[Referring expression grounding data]
-- Opening Marker --

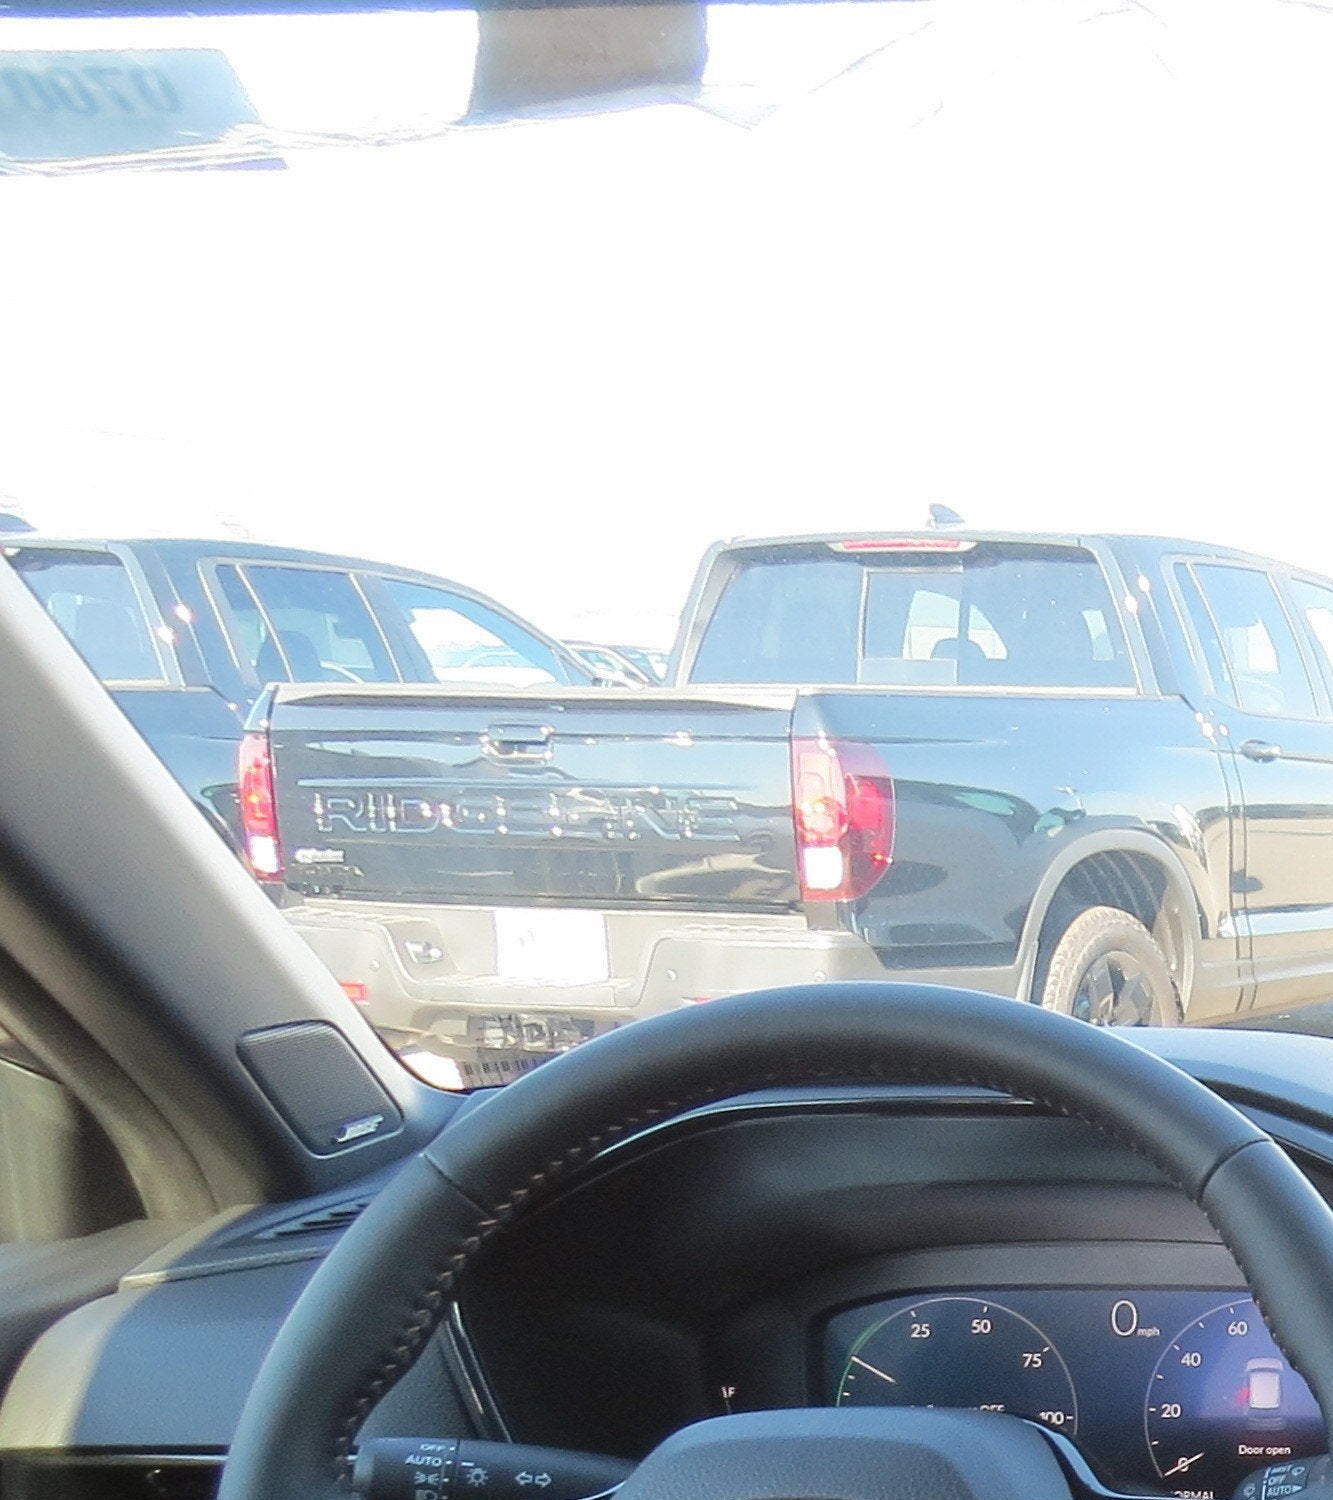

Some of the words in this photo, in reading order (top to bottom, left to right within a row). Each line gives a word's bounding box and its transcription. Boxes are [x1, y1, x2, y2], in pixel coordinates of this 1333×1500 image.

[971, 1319, 992, 1335] 50
[1111, 1300, 1138, 1337] 0
[1138, 1326, 1160, 1339] mph
[910, 1323, 931, 1339] 25
[1228, 1321, 1248, 1336] 60
[1022, 1353, 1042, 1368] 75
[1181, 1352, 1202, 1367] 40
[1161, 1403, 1181, 1418] 20
[1038, 1411, 1065, 1426] 100
[1238, 1444, 1264, 1455] Door
[1267, 1446, 1292, 1457] open
[404, 1453, 442, 1467] AUTO
[1266, 1484, 1292, 1497] AUTO
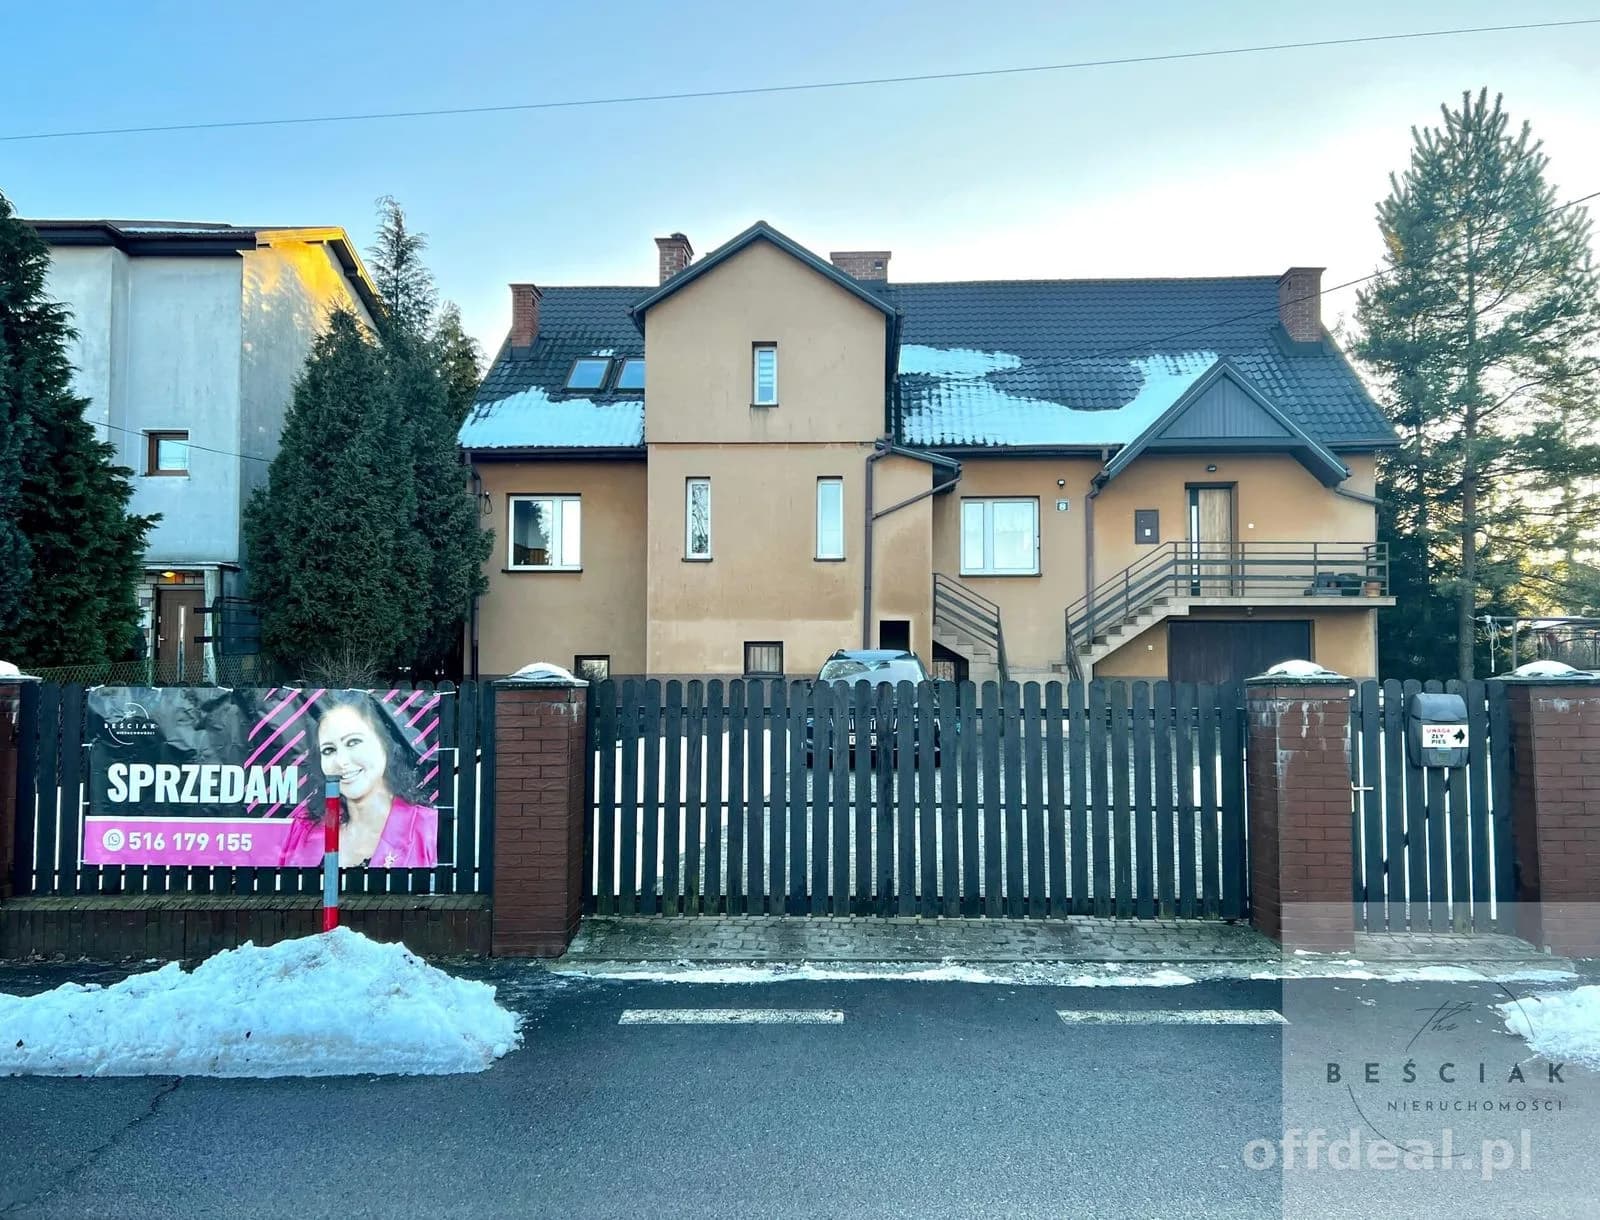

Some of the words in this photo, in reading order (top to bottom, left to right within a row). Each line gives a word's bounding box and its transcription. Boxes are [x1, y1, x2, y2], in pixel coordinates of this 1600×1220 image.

[107, 763, 298, 804] SPRZEDAM
[128, 832, 165, 850] 516
[172, 832, 208, 851] 179
[215, 833, 252, 852] 155
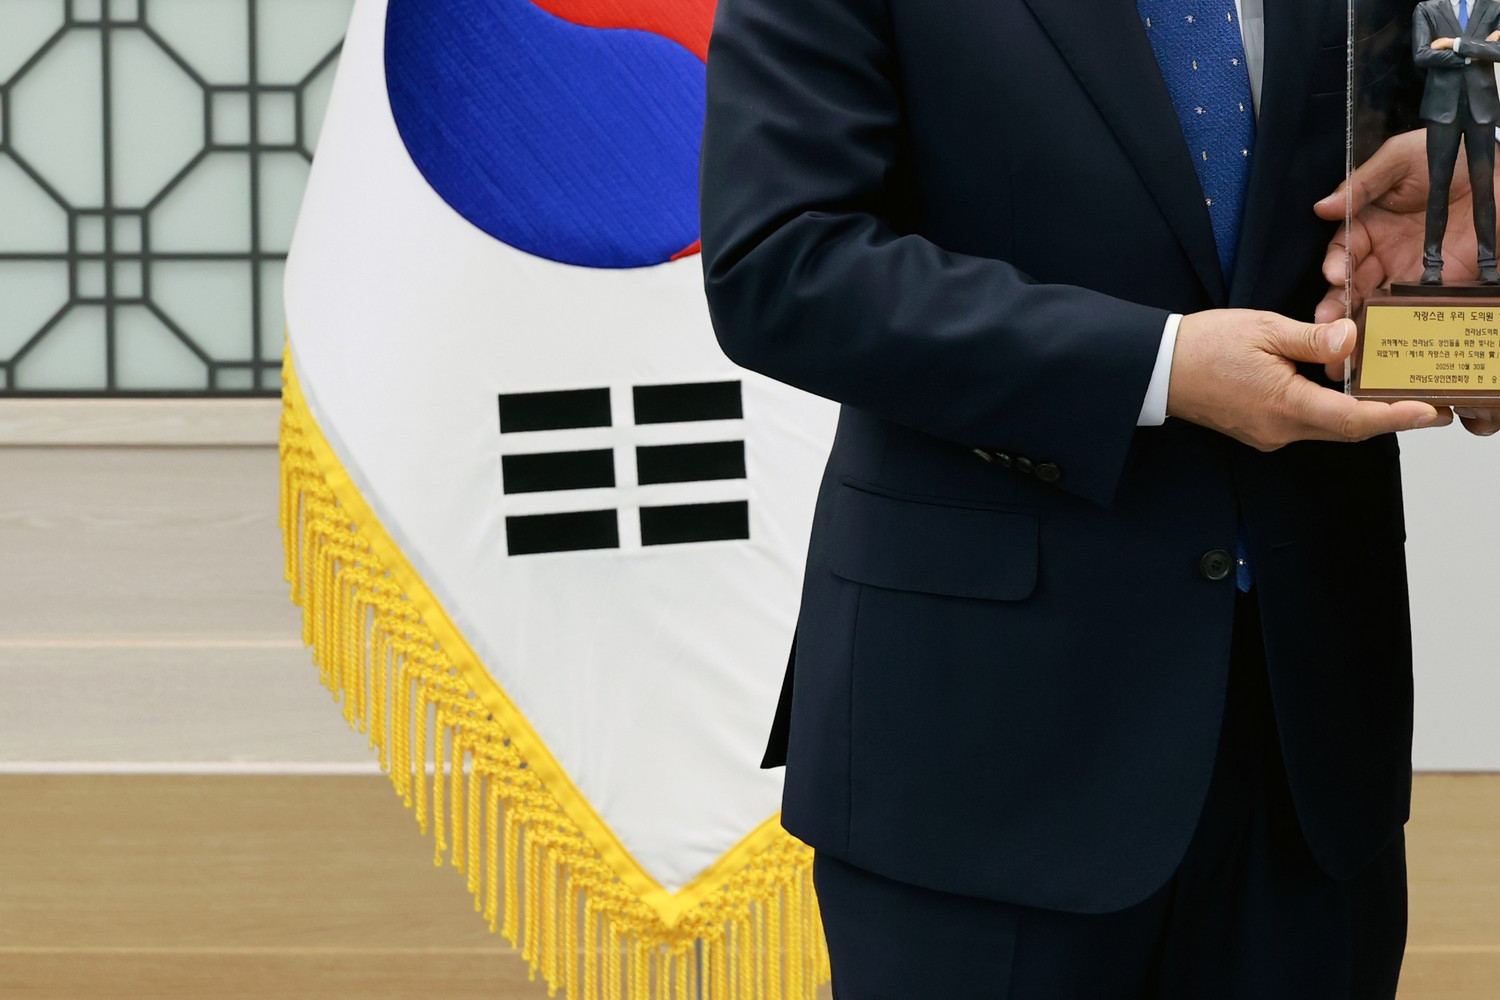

-- Closing Marker --

TASK DESCRIPTION: Copy every record above exactly, leaving out the pictures.

TASK ANSWER:
Some of the words in this photo, in reading order (top to bottom, left to right within a row). Each line gives a word's bounding box and its transcription. Boxes are [x1, y1, x2, y2], in pixel coordinates of this 1333×1500 image.

[971, 1319, 992, 1335] 50
[1111, 1300, 1138, 1337] 0
[1138, 1326, 1160, 1339] mph
[910, 1323, 931, 1339] 25
[1228, 1321, 1248, 1336] 60
[1022, 1353, 1042, 1368] 75
[1181, 1352, 1202, 1367] 40
[1161, 1403, 1181, 1418] 20
[1038, 1411, 1065, 1426] 100
[1238, 1444, 1264, 1455] Door
[1267, 1446, 1292, 1457] open
[404, 1453, 442, 1467] AUTO
[1266, 1484, 1292, 1497] AUTO

Some of the words in this photo, in reading order (top to bottom, left to right within a row). Each line gives a word's bounding box and its transcription. Boxes are [x1, y1, x2, y2], in pixel coordinates of this 1600×1220 image.

[107, 763, 298, 804] SPRZEDAM
[128, 832, 165, 850] 516
[172, 832, 208, 851] 179
[215, 833, 252, 852] 155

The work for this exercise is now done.